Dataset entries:
....................

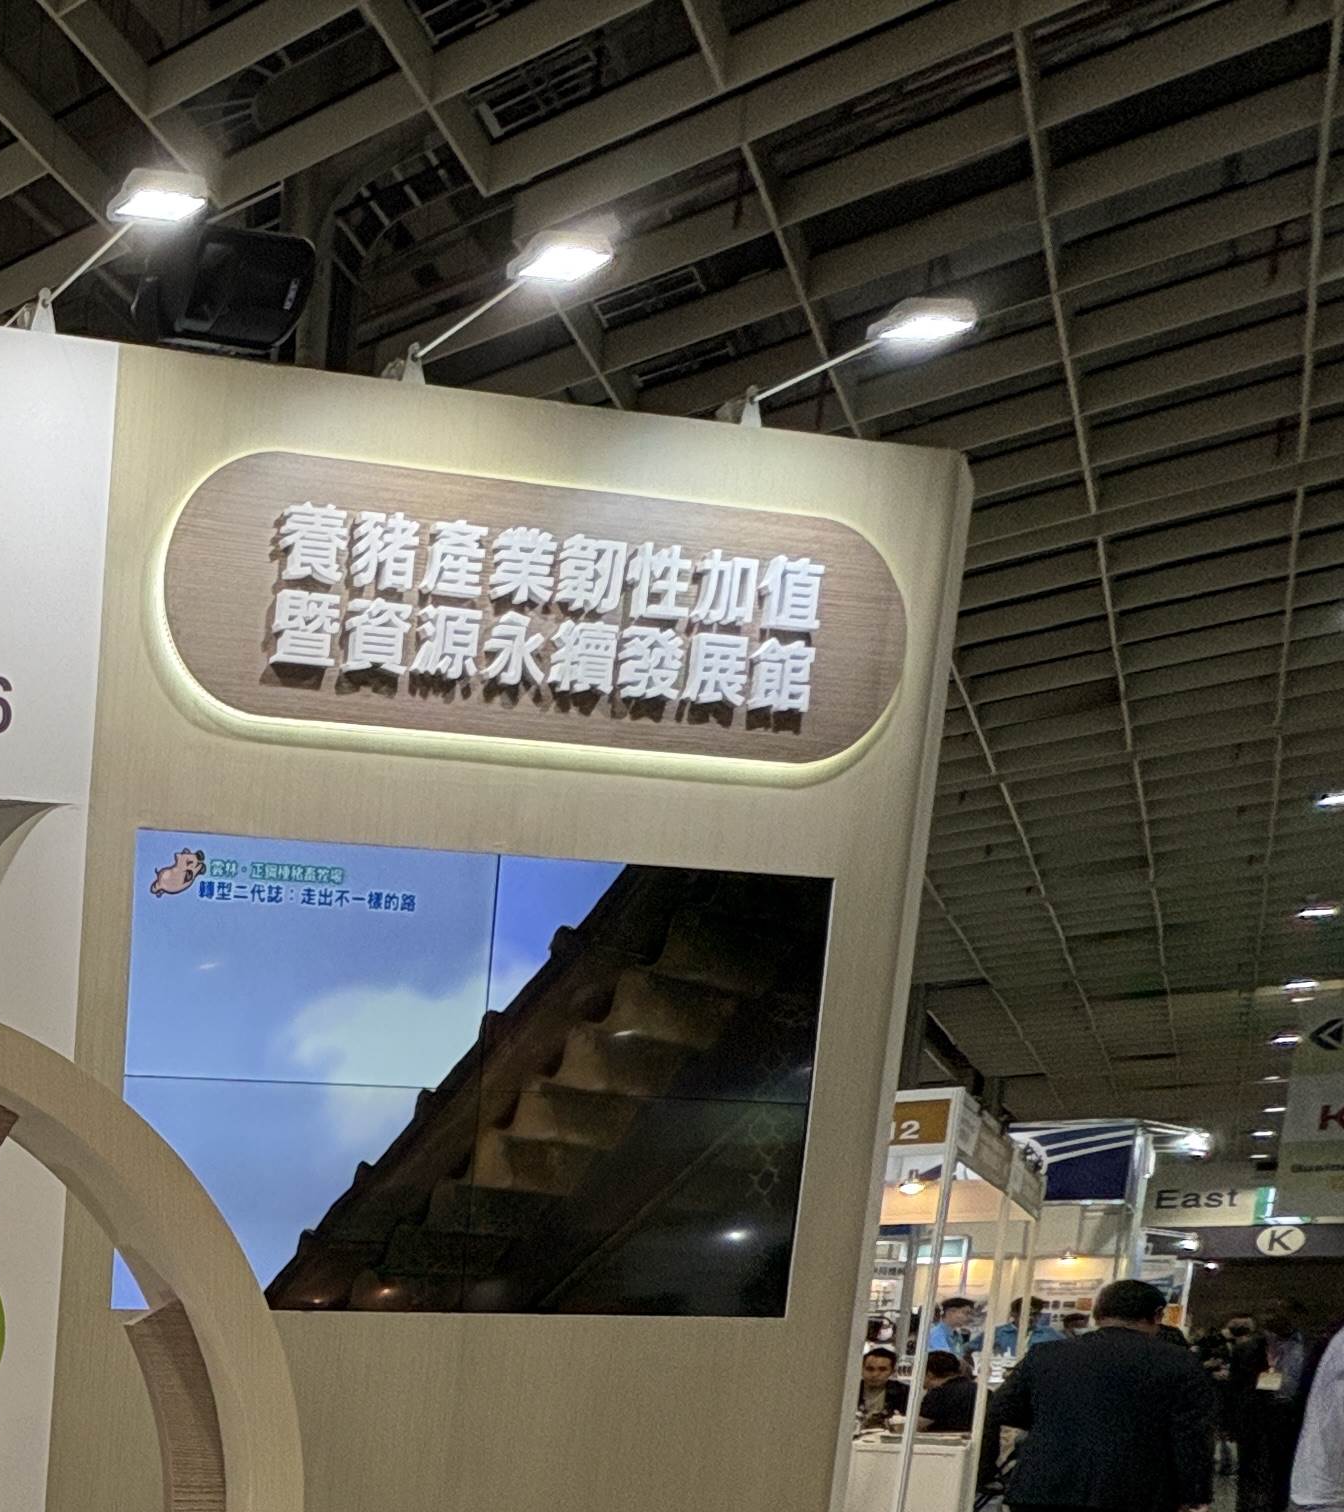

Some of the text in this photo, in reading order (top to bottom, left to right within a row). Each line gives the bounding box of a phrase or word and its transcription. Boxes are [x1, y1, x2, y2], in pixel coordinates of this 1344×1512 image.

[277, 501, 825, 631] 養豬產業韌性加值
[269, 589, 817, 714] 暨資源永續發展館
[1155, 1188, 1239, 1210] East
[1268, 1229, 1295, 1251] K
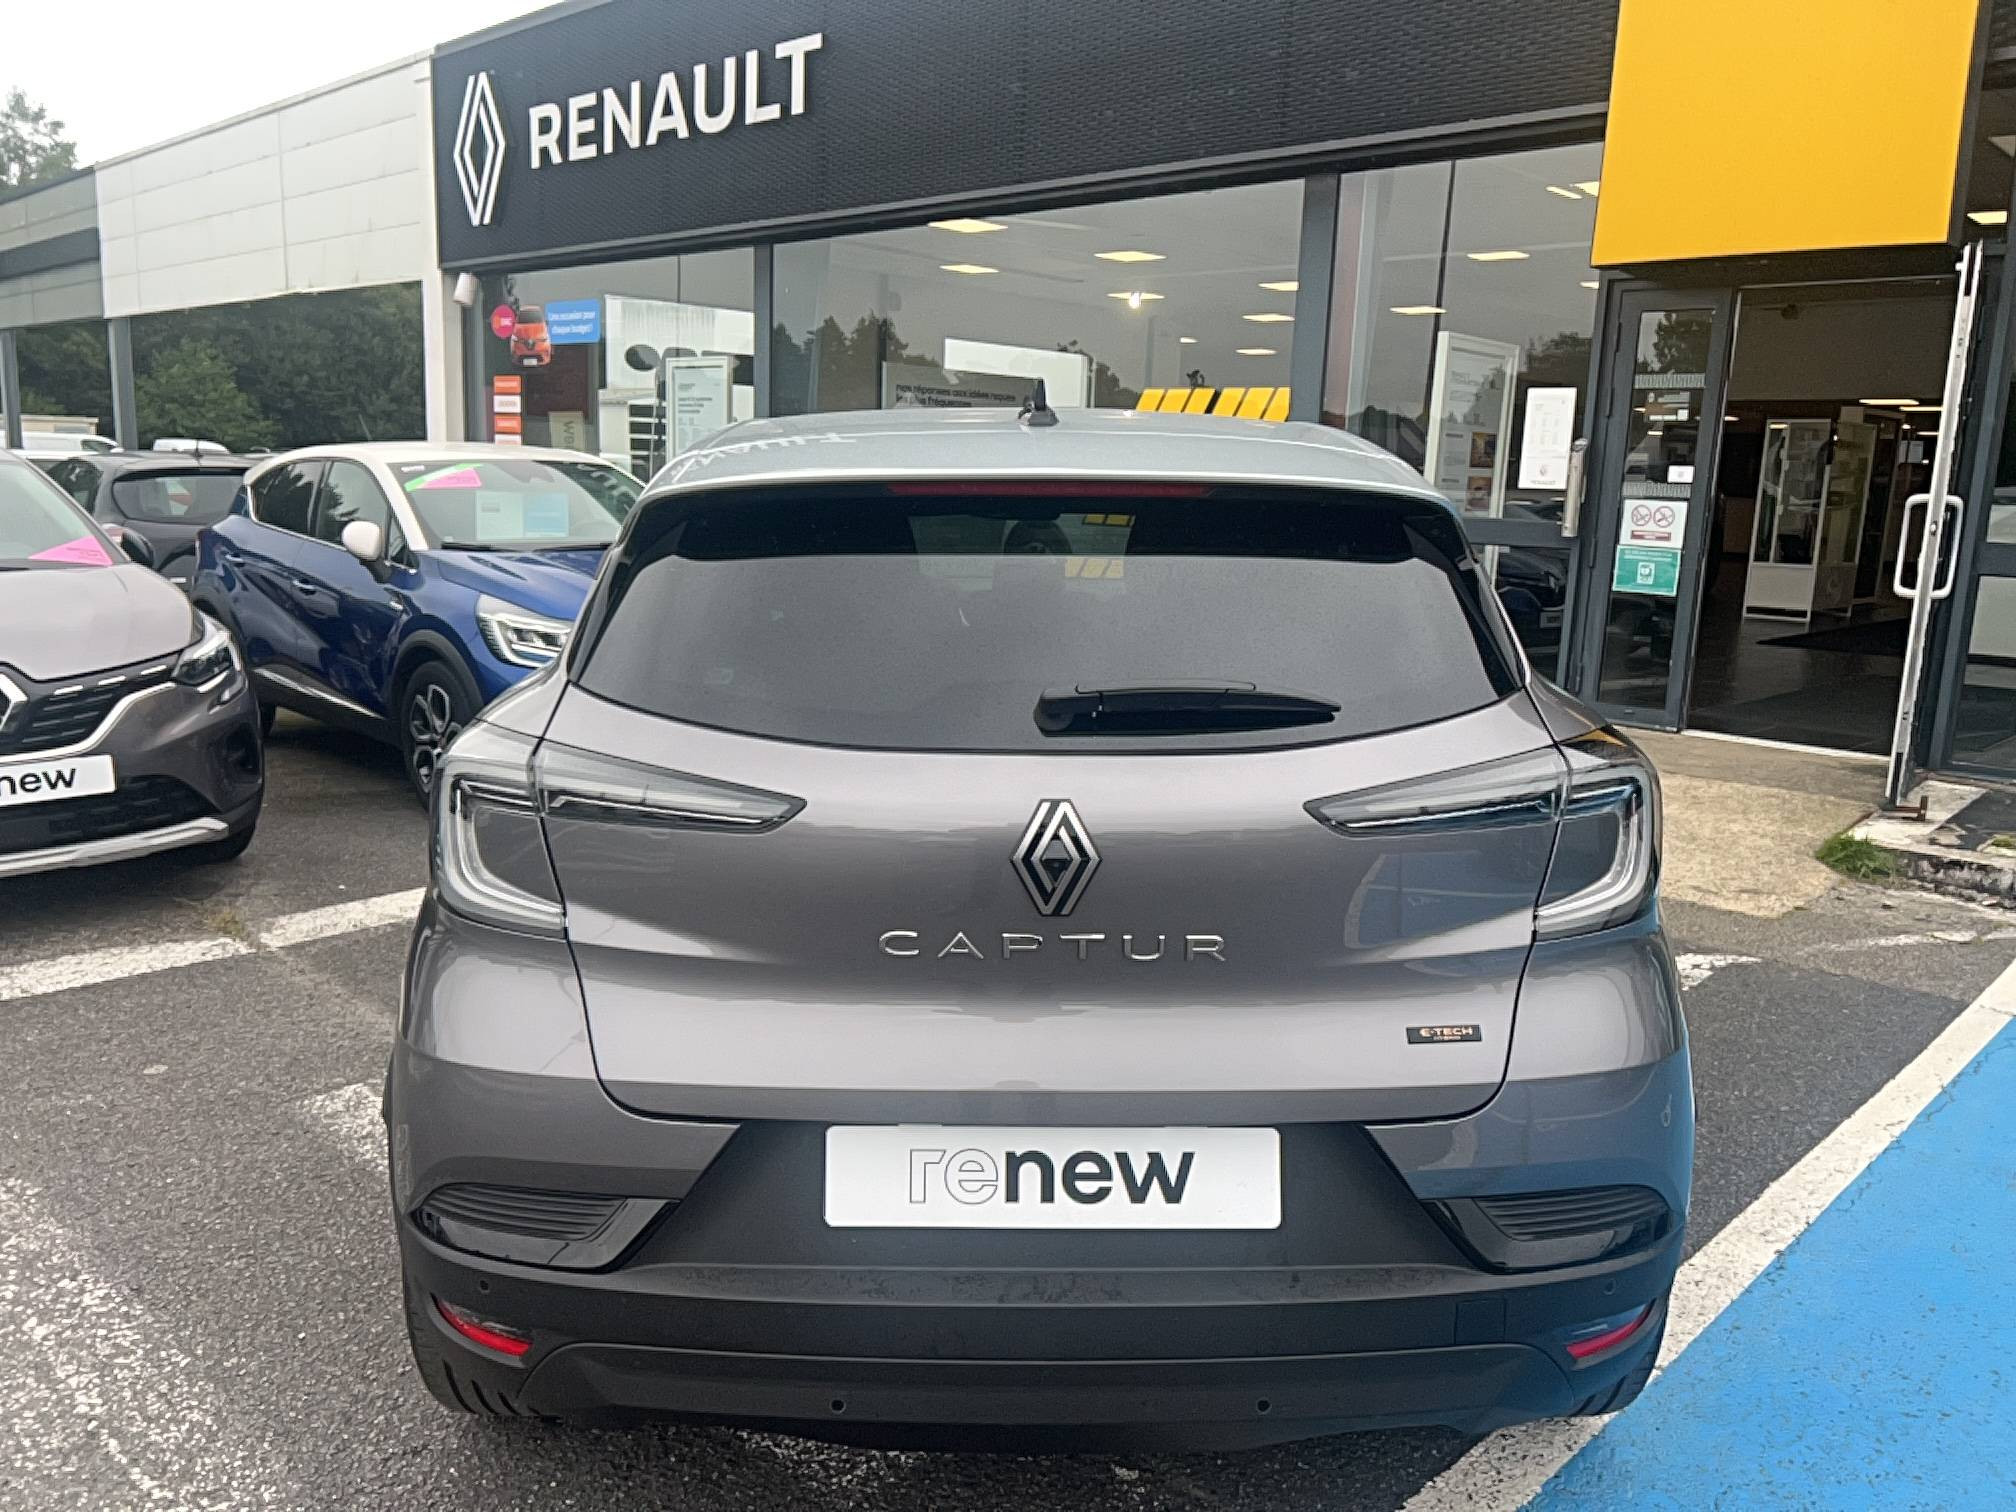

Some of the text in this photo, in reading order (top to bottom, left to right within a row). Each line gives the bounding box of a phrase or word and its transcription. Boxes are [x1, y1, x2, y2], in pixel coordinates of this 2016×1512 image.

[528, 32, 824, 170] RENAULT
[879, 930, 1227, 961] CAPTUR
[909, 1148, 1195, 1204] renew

....................

Your job is to repeat the data exactly, leaving each picture out.

§ **Finished exercise**
Some of the text in this photo, in reading order (top to bottom, left to right within a row). Each line gives the bounding box of a phrase or word and its transcription. Boxes are [x1, y1, x2, y2], in pixel coordinates of this 1344×1512 image.

[277, 501, 825, 631] 養豬產業韌性加值
[269, 589, 817, 714] 暨資源永續發展館
[1155, 1188, 1239, 1210] East
[1268, 1229, 1295, 1251] K

Some of the text in this photo, in reading order (top to bottom, left to right within a row). Each line gives the bounding box of a phrase or word and its transcription. Boxes are [x1, y1, x2, y2], in pixel coordinates of this 2016×1512 image.

[528, 32, 824, 170] RENAULT
[879, 930, 1227, 961] CAPTUR
[909, 1148, 1195, 1204] renew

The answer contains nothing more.